A investigação apura a atuação de uma suposta organização criminosa suspeita de desvios de recursos públicos relacionados a obras em trechos não pavimentados da BR-156. De acordo com a PF, os fatos investigados envolvem possíveis crimes de organização criminosa, corrupção e fraude a licitações.
Ao todo, foram cumpridos oito mandados autorizados pelo ministro do STF Alexandre de Moraes. Agentes estiveram em endereços vinculados ao parlamentar na capital amapaense. Entre os locais visitados estão imóveis residenciais, a residência do parlamentar na região central de Macapá e a sede do Partido Liberal (PL) na capital.
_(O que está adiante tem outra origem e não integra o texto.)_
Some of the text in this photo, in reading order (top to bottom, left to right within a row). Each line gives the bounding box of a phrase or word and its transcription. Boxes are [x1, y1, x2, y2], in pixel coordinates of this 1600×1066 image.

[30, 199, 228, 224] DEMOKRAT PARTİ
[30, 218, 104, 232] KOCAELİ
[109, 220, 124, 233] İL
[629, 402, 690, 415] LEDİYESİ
Vinicius Gurgel é apoiador do ex-presidente Jair Bolsonaro (PL) e aliado político do prefeito de Macapá, Dr. Furlan (MDB). A esposa do deputado, Luciana Gurgel, ocupa o cargo de secretária de Assistência Social do município. O prefeito é citado nos bastidores políticos como possível candidato ao governo do Amapá em 2026.
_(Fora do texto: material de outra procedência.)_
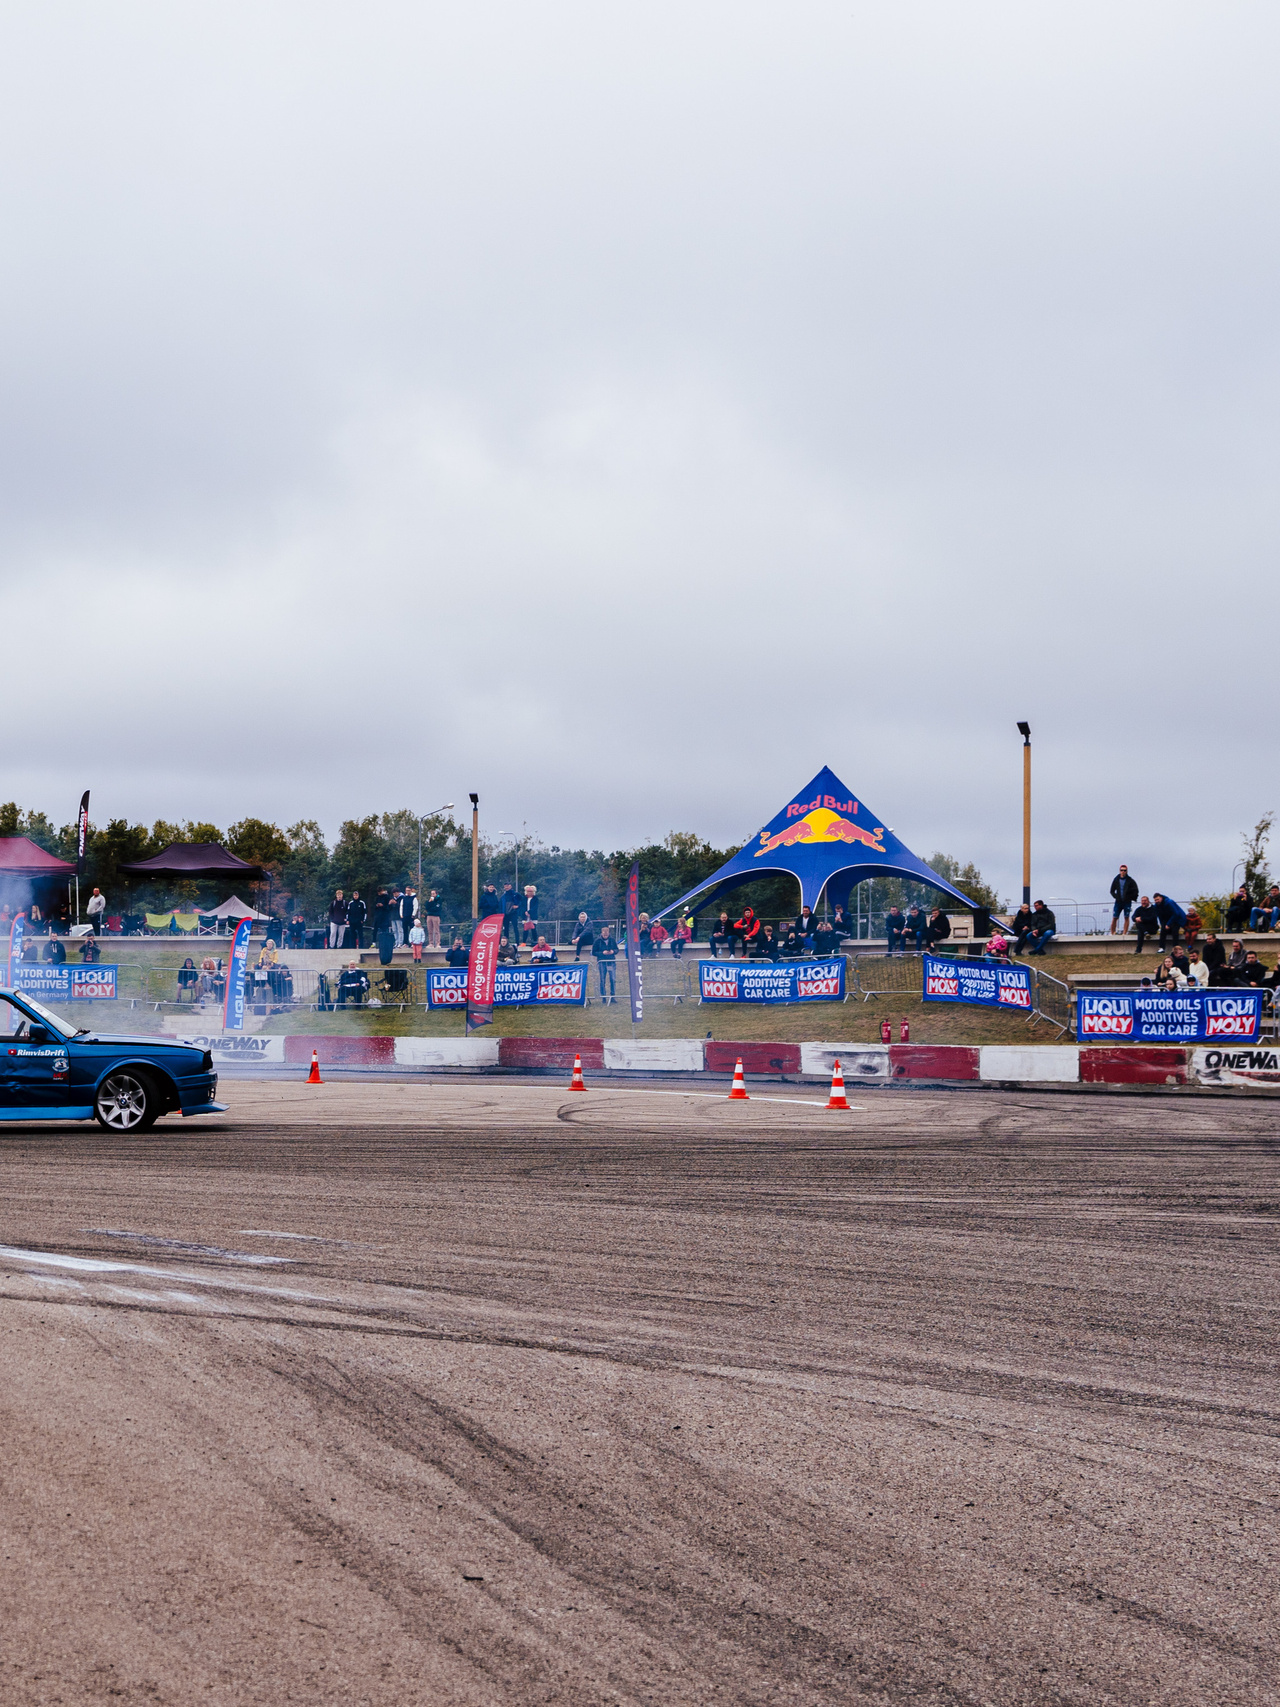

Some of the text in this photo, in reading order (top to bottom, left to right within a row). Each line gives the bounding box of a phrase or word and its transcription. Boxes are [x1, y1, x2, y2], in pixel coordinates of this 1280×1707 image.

[786, 795, 858, 818] Red Bull
[47, 969, 69, 978] OILS
[75, 970, 113, 983] LIQUI
[472, 941, 487, 1000] ovigreta.lt
[513, 972, 535, 981] OILS
[704, 967, 736, 982] LIQUI
[740, 968, 795, 977] MOTOR OILS
[799, 965, 838, 980] LIQUI
[958, 967, 996, 980] MOTOR OILS
[433, 976, 467, 989] LIQU
[540, 971, 580, 985] LIQUI
[743, 978, 790, 987] ADDITIVES
[999, 972, 1026, 988] LIQUI
[75, 984, 113, 996] MOLY
[494, 983, 532, 992] DITIVES
[539, 985, 581, 998] MOLY
[704, 982, 737, 997] MOLY
[799, 980, 838, 996] MOLY
[928, 978, 958, 993] MOLY
[36, 991, 68, 1000] Germany
[504, 992, 530, 1001] CARE
[744, 988, 790, 998] CAR CARE
[1000, 989, 1028, 1004] MOLY
[234, 981, 244, 1029] LIQUI
[1085, 999, 1129, 1016] LIQUI
[1135, 999, 1201, 1010] MOTOR OILS
[1208, 999, 1254, 1016] LIQUI
[1085, 1016, 1132, 1032] MOLY
[1141, 1012, 1198, 1023] ADDITIVES
[1142, 1024, 1197, 1035] CAR CARE
[1208, 1017, 1255, 1034] MOLY
[1205, 1051, 1280, 1069] ONEWA
Um dos mandados também teve como alvo um depósito de materiais vinculado à prefeitura de Macapá, situado no bairro Santa Rita. A investigação tramita no STF e apura a aplicação de recursos do Departamento Nacional de Infraestrutura de Transportes (DNIT) e de obras públicas executadas em Macapá, envolvendo suspeitas relacionadas ao período entre 2015 e 2019.
Vinicius de Azevedo Gurgel, nascido em 1978, é empresário e contador, formado em Ciências Contábeis. Ele exerce mandato de deputado federal pelo Amapá desde 2011, tendo sido reeleito em 2014, 2018 e 2022. O parlamentar é considerado aliado político do presidente do Senado, Davi Alcolumbre (União Brasil-AP).
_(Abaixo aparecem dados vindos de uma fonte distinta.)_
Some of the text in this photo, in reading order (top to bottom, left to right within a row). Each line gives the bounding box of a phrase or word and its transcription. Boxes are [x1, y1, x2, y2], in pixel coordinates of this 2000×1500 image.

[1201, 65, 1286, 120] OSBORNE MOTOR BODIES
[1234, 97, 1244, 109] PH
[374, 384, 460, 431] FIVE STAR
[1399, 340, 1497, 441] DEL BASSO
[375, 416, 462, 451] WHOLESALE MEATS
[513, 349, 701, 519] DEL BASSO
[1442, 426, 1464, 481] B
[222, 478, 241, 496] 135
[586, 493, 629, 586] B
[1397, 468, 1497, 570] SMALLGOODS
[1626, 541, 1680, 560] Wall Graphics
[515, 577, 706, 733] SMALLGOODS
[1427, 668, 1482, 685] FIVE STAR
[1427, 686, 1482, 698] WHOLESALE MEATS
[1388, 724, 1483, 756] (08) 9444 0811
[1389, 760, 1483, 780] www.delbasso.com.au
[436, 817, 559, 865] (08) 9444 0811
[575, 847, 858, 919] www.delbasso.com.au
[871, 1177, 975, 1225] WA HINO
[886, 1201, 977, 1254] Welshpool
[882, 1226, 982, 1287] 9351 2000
Desde 2021, Gurgel é investigado no Inquérito 4.889, que apura suspeitas de corrupção passiva e lavagem de dinheiro envolvendo contratos do DNIT no estado. Em 2023, a Procuradoria-Geral da República solicitou a quebra de sigilos no âmbito da investigação. Em janeiro de 2026, o STF encaminhou o caso à PGR após a realização de oitivas e delação que mencionou o nome do parlamentar.
Até o momento, a Polícia Federal não divulgou detalhes sobre os objetivos específicos das buscas nem forneceu informações adicionais sobre o andamento da operação. A defesa do deputado federal também não se pronunciou.